**Exercise materials**
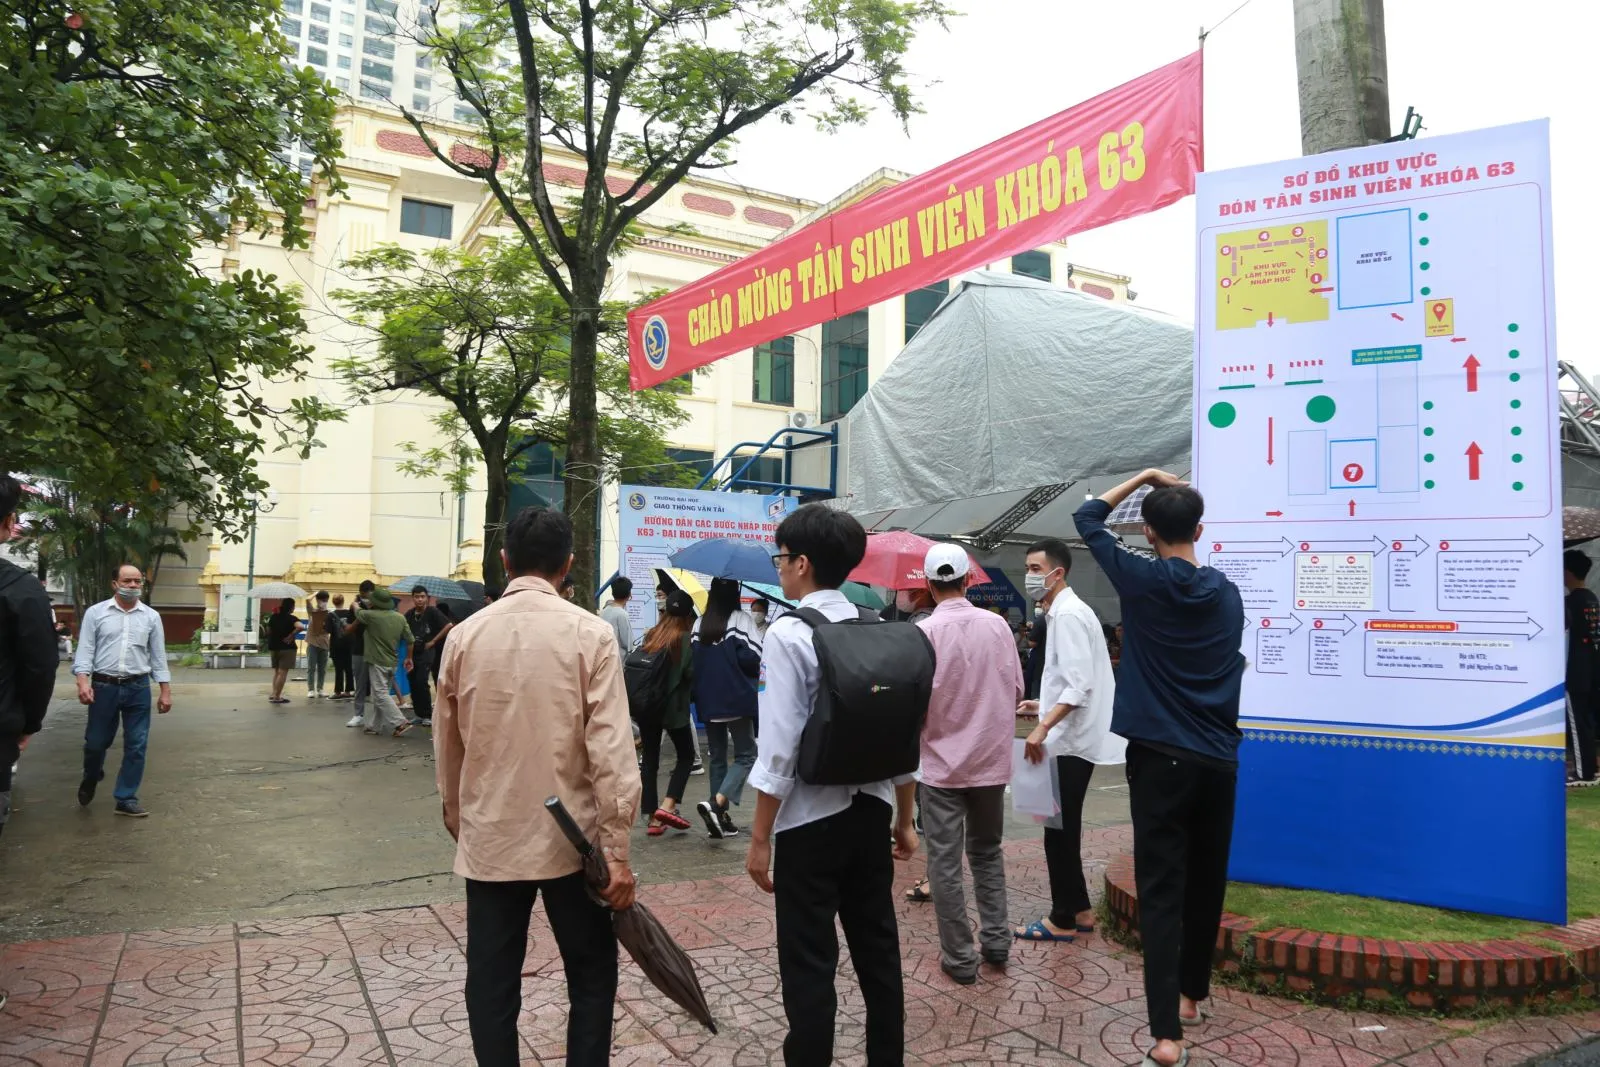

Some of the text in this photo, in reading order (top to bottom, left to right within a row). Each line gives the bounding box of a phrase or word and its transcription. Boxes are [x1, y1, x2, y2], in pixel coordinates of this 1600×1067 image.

[1283, 152, 1437, 189] SƠ ĐỒ KHU VỰC
[1219, 161, 1516, 216] ĐÓN TÂN SINH VIÊN KHÓA 63
[688, 122, 1146, 347] CHÀO MỪNG TÂN SINH VIÊN KHÓA 63
[1253, 261, 1288, 271] KHU VỰC
[1274, 275, 1291, 284] HỌC
[698, 504, 712, 512] VẬN
[713, 505, 725, 513] TẢI
[644, 515, 673, 526] HƯỚNG
[675, 515, 693, 528] DẪN
[695, 517, 711, 528] CÁC
[713, 518, 736, 529] BƯỚC
[737, 520, 760, 532] NHẬP
[637, 527, 654, 537] K63
[662, 529, 677, 539] ĐẠI
[679, 530, 697, 540] HỌC

**Exercise goal**
Make an exact copy of the listing above. Its pictures are not needed.

**Result of the exercise**
Some of the text in this photo, in reading order (top to bottom, left to right within a row). Each line gives the bounding box of a phrase or word and its transcription. Boxes are [x1, y1, x2, y2], in pixel coordinates of this 1600×1067 image.

[1283, 152, 1437, 189] SƠ ĐỒ KHU VỰC
[1219, 161, 1516, 216] ĐÓN TÂN SINH VIÊN KHÓA 63
[688, 122, 1146, 347] CHÀO MỪNG TÂN SINH VIÊN KHÓA 63
[1253, 261, 1288, 271] KHU VỰC
[1274, 275, 1291, 284] HỌC
[698, 504, 712, 512] VẬN
[713, 505, 725, 513] TẢI
[644, 515, 673, 526] HƯỚNG
[675, 515, 693, 528] DẪN
[695, 517, 711, 528] CÁC
[713, 518, 736, 529] BƯỚC
[737, 520, 760, 532] NHẬP
[637, 527, 654, 537] K63
[662, 529, 677, 539] ĐẠI
[679, 530, 697, 540] HỌC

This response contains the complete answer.